Extinct genus of giant hurdiid radiodont

Titanokorys is a genus of extinct hurdiid (peytoiid) radiodont (a grouping of primitive stem arthropods which lived during the early Paleozoic) that lived during the Miaolingian epoch of the middle Cambrian. It is the largest member of its family from the Cambrian, with an estimated body length of around 50 cm long, making it one of the largest animals of the time. It bears a resemblance to the related, and contemporary, genus Cambroraster.

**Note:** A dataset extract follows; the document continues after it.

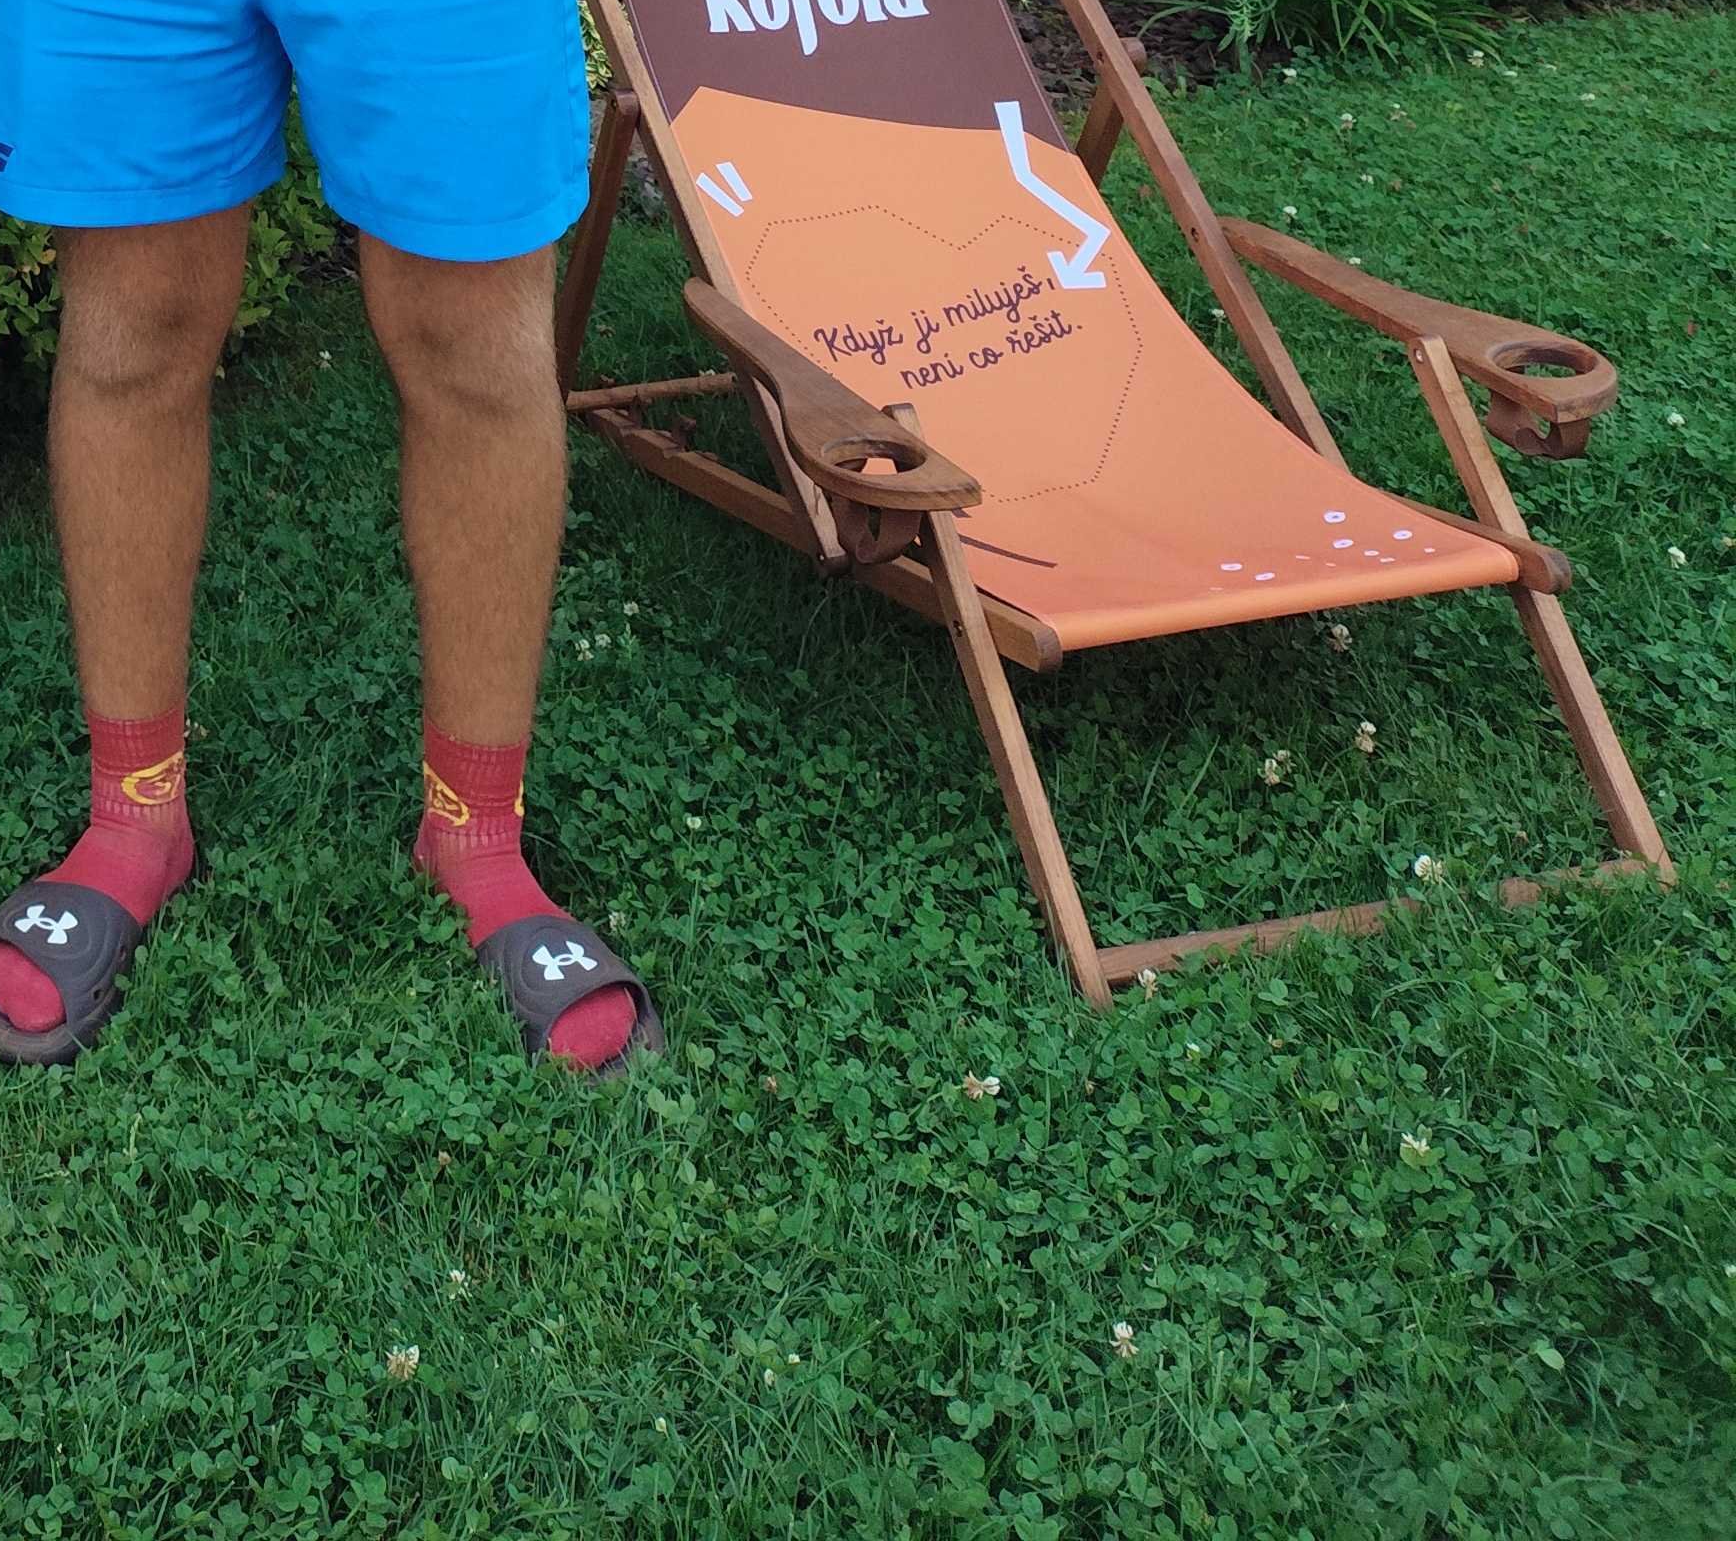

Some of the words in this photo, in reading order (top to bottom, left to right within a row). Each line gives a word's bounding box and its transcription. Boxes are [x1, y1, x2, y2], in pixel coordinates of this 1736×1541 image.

Fossils of T. gainesi were first found within the Marble Canyon locality of the Burgess Shale in 2018, however the fossils were not named until 2021 because they were assumed to be giant specimens of Cambroraster.

The taxon is one of several genera of radiodonts known from the Burgess Shale, with some of the others being Cambroraster, Anomalocaris, Peytoia, and Hurdia. Titanokorys is distinguished from other Burgess Shale radiodonts because of its large anterior sclerite (head covering carapace, or H-element) and a pair of spines on the anteroventral sides. Based on the shape of its appendages, Titanokorys is speculated to have used them to sift through the sand looking for prey. It is believed to have fed by using its anterior sclerite to scoop up organisms from the sea floor. Then it would use the endites on its frontal appendages (long grasping structures that all radiodonts possessed) to trap the prey item so it could start consuming it. Because of its size, Titanokorys was one of the dominant predators of the Burgess Shale and one of the largest animals in its ecosystem. However, it is a relatively rare faunal component, suggesting that the Burgess Shale represented the edge of this radiodonts geographic range.

==Etymology and history of research==
The genus name refers to the Titans of Greek mythology in combination with the ancient Greek κόρυς (korys = "helmet") and alludes to the unusual size of the central carapace element. The species name "gainesi" honors the American geologist Robert R. Gaines, who was instrumental in the discovery of new fossil deposits in the Burgess Shale in 2012.

The first description of the genus and type species was made in 2021 by Jean-Bernard Caron and Joseph Moysiuk. This study was based on twelve specimens that came from the Marble Canyon area of Tokumm Creek in the northern part of Kootenay National Park in British Columbia. All previously known specimens are kept at the Royal Ontario Museum (ROM) in the Department of Invertebrate Paleontology (ROMIP). Before the animal was named, researchers often nicknamed it the "mothership" or "spaceship" in reference to its massive frontal sclerite (H-element) resembling a starship.

==Description==
Fossils of Titanokorys are known from the Burgess Shale, a famous Lagerstätte from British Columbia dating to around 508 million years ago. Only disarticulated head sclerites, frontal appendages and oral cone (radiodont mouthpart that somewhat resembled a camera aperture) have been discovered. Due to the limited discovery, little is known about the oral cone of Titanokorys, but the tooth plates have smooth surfaces like most other hurdiids. Based on the largest sclerite (measured about 27 cm) and ratio inferred from the closely related Cambroraster, the complete animal was estimated to be about 50 cm long. Titanokorys is readily dintinguised from other radiodonts by the frontal sclerite with a trifurcate anterior region and lateral sclerites (P-elements). The frontal appendages are almost indistinguishable from those of Cambroraster, which have short podomeres with 5 long endites, each associated with a row of long, densely packed auxiliary spines. These appendages suggest a specialized "sweep feeding" behaviour that would allow the radiodont to catch and eat both microscopic and macroscopic food. Titanokorys lived alongside other Burgess Shale radiodonts, such as Anomalocaris, Hurdia, and Peytoia. The fact that so many large predatory radiodonts lived together suggests that Cambrian communities at the time were very diverse and could hold many large macro-predators.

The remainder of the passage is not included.